» **What this task involves**
Print the full set of records below, character for character and picture-free.

» **Recorded information**
---+---

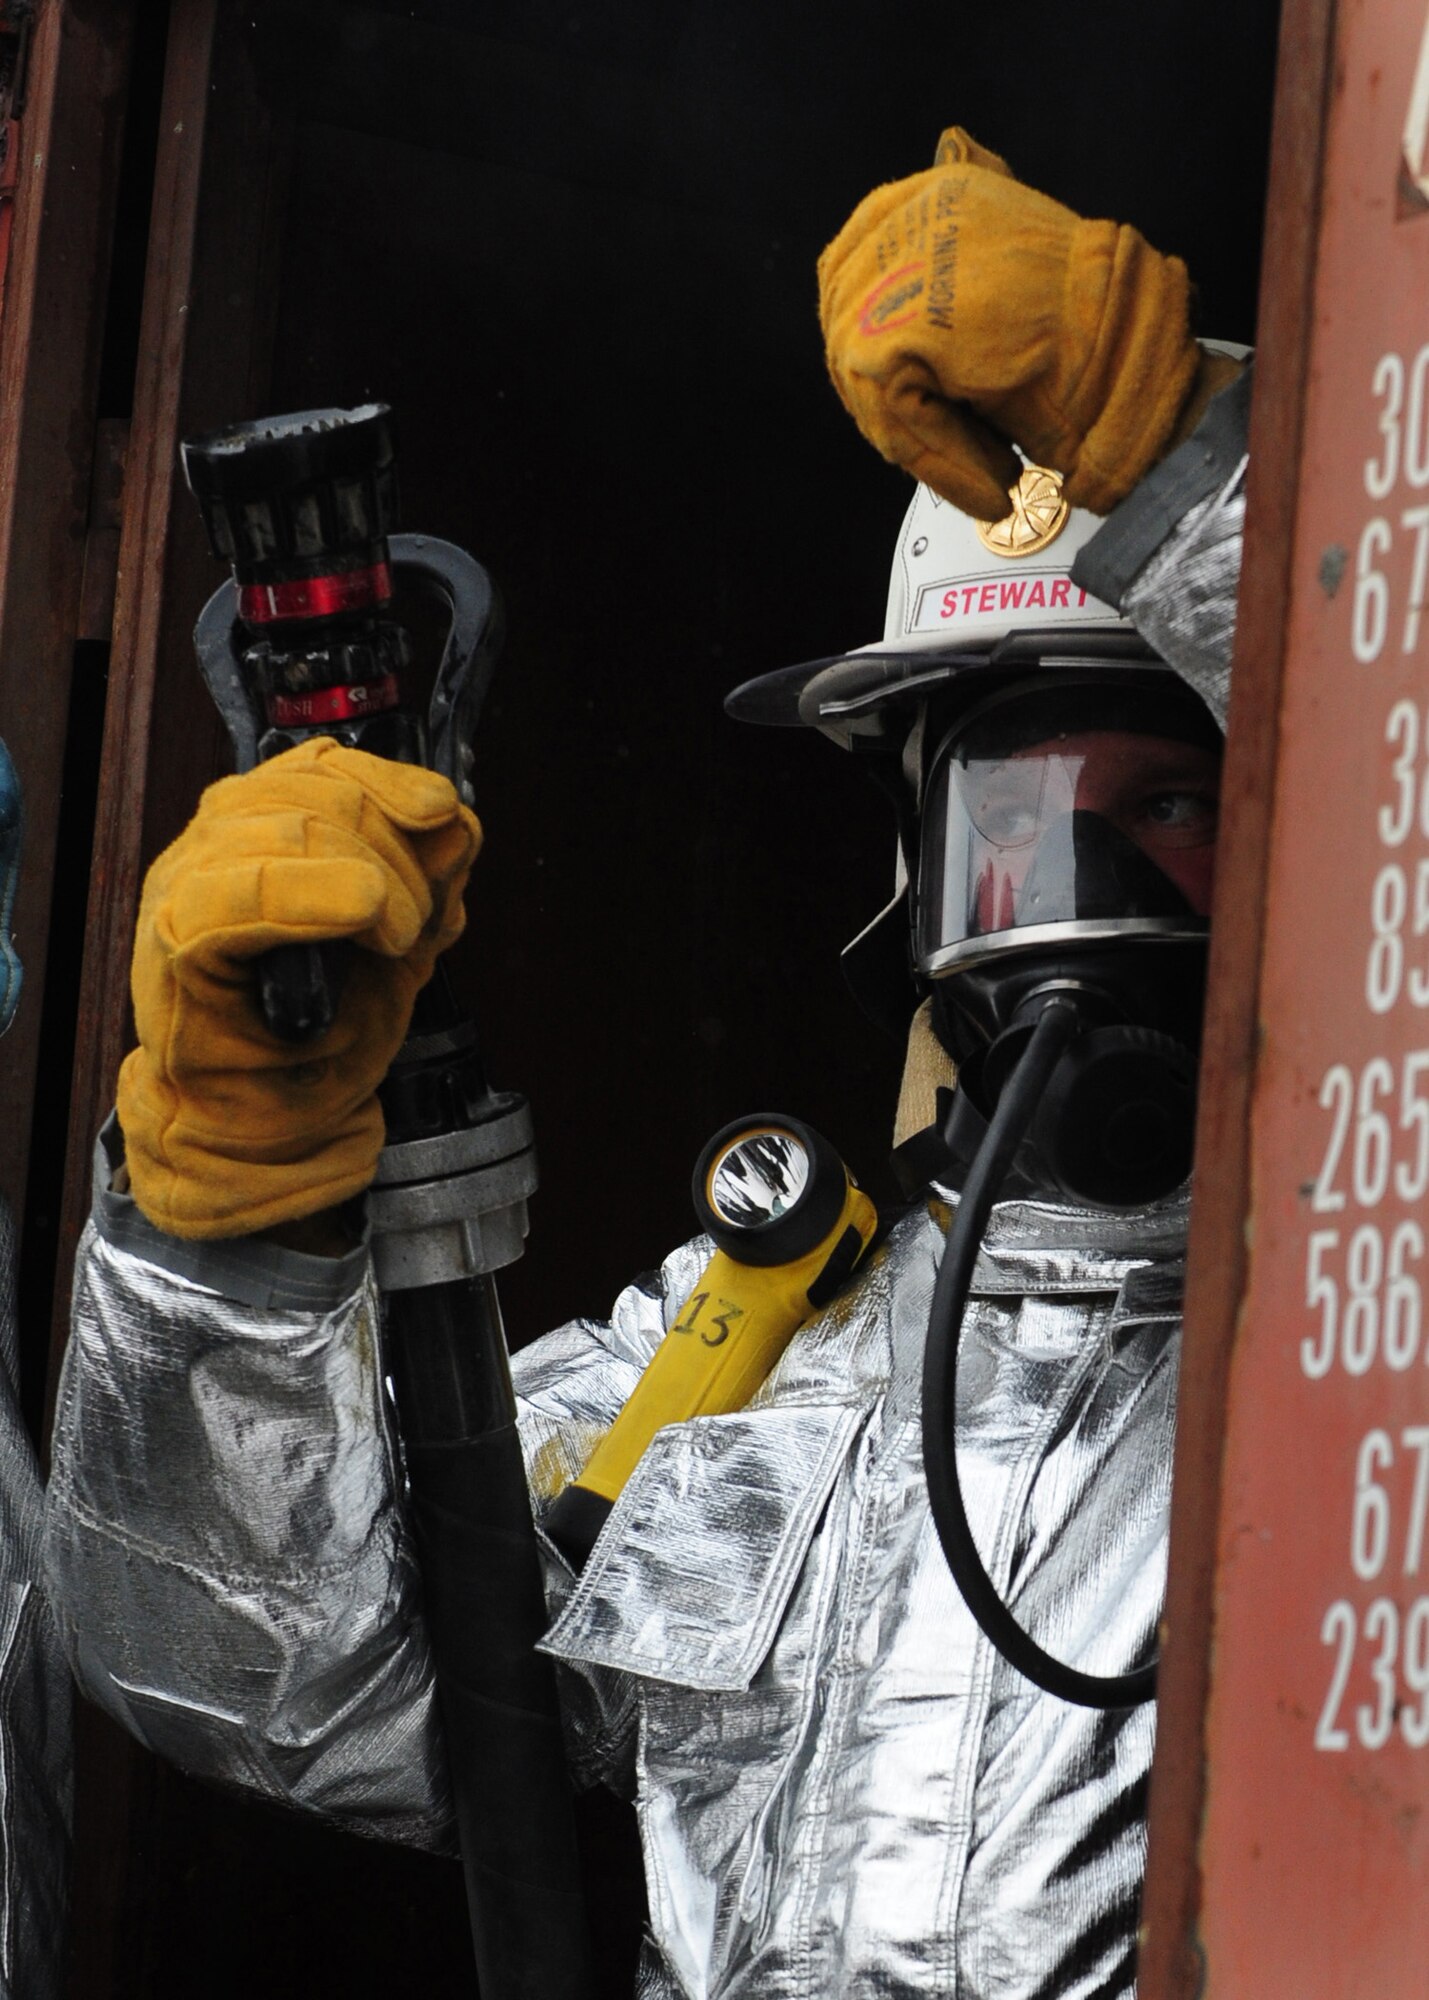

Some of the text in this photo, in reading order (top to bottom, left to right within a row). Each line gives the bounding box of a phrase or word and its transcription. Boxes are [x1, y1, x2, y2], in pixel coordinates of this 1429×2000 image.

[1351, 506, 1429, 663] 67
[1312, 1050, 1429, 1213] 265
[673, 1291, 744, 1348] 13
[1351, 1426, 1429, 1580] 67
[1314, 1596, 1429, 1751] 239
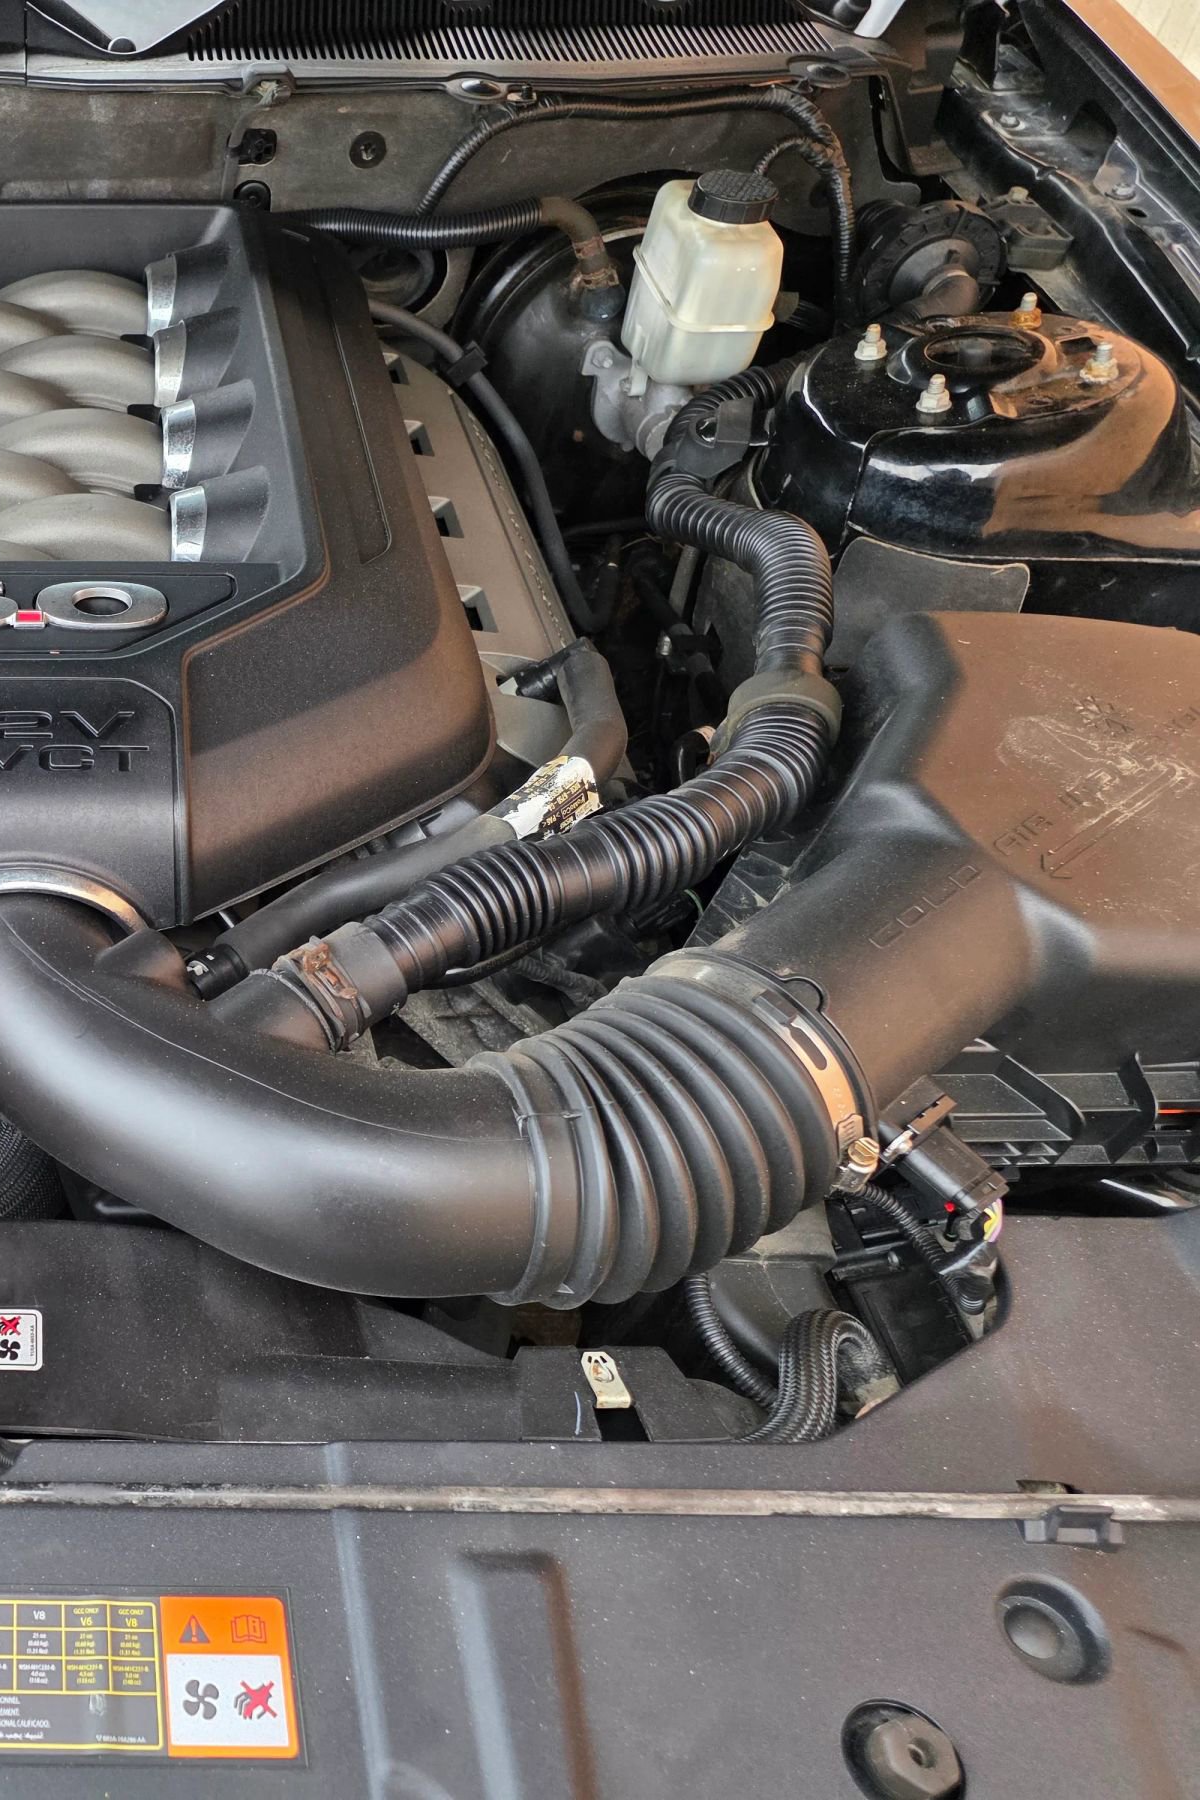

---+---

» **Written reply**
Some of the text in this photo, in reading order (top to bottom, left to right within a row). Each line gives the bounding box of a phrase or word and its transcription. Boxes are [x1, y1, x2, y2], in pixel coordinates of this 1429×2000 image.

[1351, 506, 1429, 663] 67
[1312, 1050, 1429, 1213] 265
[673, 1291, 744, 1348] 13
[1351, 1426, 1429, 1580] 67
[1314, 1596, 1429, 1751] 239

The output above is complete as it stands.